Dr. Amaral: Com certeza as lições do tatame acompanham a pessoa em todos os
aspectos da vida. O foco treinado no Jiu-Jítsu ajuda a concentrar nas tarefas do
trabalho ou dos estudos, ignorando as distrações. A respiração consciente, por
exemplo, pode ser aplicada antes de uma apresentação ou em momentos de ansiedade
para manter o sangue-frio. De fato, uma revisão recente destacou que o Jiu-Jítsu pode
ser considerado uma intervenção de saúde pública justamente pelo seu impacto
positivo na resiliência mental e na redução de comportamentos agressivos. Assim, quem aprende a controlar o próprio corpo e reagir de forma consciente no tatame tende a desenvolver mais estabilidade emocional fora dele. Em resumo, as habilidades treinadas no tatame (foco, autocontrole e paciência) são ferramentas valiosas de bemestar na vida diária.
VDN: E no caso das crianças e adolescentes que praticam Jiu-Jítsu, quais são os impactos desse desenvolvimento de foco e controle emocional desde cedo?
Dr. Amaral: Para os jovens, o Jiu-Jítsu oferece um aprendizado de vida valioso. Eles
usam toda a energia do corpo para se movimentar e, ao mesmo tempo, aprendem
disciplina, autocontrole e respeito ao adversário. Controlar a impulsividade nas lutas
ajuda a ter mais atenção e disciplina na escola. Como ressaltam pesquisas, crianças que
praticam artes marciais não ganham só aptidão física, mas também melhoram aspectos
cognitivos: por exemplo, melhora de atenção e memória de trabalho foi observada em
alunos que treinam artes marciais . Além disso, até crianças com TDAH mostraram
ganho no controle emocional um estudo verificou que 12 semanas de Jiu-Jítsu
reduziram sintomas emocionais e comportamentais em jovens. Em resumo, os
pequenos faixa-brancas aprendem a ouvir mais o próprio corpo e as emoções,
construindo autoconfiança e disciplina que os acompanham fora do tatame.

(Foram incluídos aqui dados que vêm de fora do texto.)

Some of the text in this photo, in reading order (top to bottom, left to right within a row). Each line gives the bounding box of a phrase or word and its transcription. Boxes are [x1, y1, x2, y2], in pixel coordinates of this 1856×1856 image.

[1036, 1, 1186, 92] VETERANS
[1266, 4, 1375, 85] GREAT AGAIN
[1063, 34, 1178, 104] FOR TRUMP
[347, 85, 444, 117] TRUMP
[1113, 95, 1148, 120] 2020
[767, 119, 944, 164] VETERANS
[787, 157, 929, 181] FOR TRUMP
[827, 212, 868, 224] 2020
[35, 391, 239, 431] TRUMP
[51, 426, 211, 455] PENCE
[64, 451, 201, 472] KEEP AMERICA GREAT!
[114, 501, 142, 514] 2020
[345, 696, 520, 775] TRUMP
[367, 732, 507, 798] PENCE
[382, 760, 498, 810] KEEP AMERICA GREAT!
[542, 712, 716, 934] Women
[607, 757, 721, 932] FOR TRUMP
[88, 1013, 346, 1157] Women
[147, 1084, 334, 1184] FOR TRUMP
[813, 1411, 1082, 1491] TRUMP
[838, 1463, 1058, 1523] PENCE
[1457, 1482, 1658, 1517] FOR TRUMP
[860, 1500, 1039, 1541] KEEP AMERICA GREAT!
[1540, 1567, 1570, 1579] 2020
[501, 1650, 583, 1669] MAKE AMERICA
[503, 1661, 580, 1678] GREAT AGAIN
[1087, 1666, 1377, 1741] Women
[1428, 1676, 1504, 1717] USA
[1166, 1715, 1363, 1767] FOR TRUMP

VDN: Para concluir, Dr. Amaral, qual recado final o senhor deixa aos leitores sobre o poder desse silêncio interior que o Jiu-Jítsu proporciona?
Dr. Amaral: Eu diria que o maior adversário a ser vencido no tatame e na vida muitas
vezes está dentro de nós mesmos, nossos medos, distrações e inseguranças. O JiuJítsu nos ensina, luta após luta, que podemos treinar para neutralizar esse ruído interno
e ouvir uma voz maior, a da nossa própria consciência clara e focada. Quando cultivamos
esse silêncio interior, ganhamos a capacidade de agir com clareza sob pressão e viver o
dia a dia com mais equilíbrio. Gosto de pensar: “quem domina o silêncio interior nunca
se perde”, e essa é uma frase que resume bem o que buscamos com a prática do JiuJítsu.
Junto do movimento, suor e às transições rápidas, o Jiu-Jítsu nos oferece algo que está
cada vez mais raro na vida moderna, a chance de ouvir a própria mente sem
interferência. Cada técnica, cada defesa e cada respiração profunda treinam o corpo,
mas, sobretudo, educam a atenção, a calma e a capacidade de permanecer inteiro
mesmo quando tudo ao redor parece caótico.
É por isso que tantos praticantes relatam sentir-se “renovados” após um treino. Não é só o exercício físico; é o encontro com um estado mental em que o excesso de pensamentos se aquieta e a consciência se afina. Esse silêncio interior construído aos poucos, repetição após repetição fortalece a saúde mental, aprimora a presença e amplia a resiliência.
E talvez essa seja uma das maiores lições que obtemos do Jiu-Jítsu: aprender a respirar onde antes havia tensão, encontrar foco onde antes havia ruído e agir com clareza mesmo sob pressão.
Porque quem treina a escutar a própria mente no tatame leva essa habilidade para a vida para o trabalho, para a família, para os desafios invisíveis do cotidiano.
No final, o Jiu-Jítsu nos ensina que o verdadeiro campeonato é interno. E que, com silêncio, presença e intenção, qualquer um pode tornar-se mais forte, mais consciente e dono de si mesmo.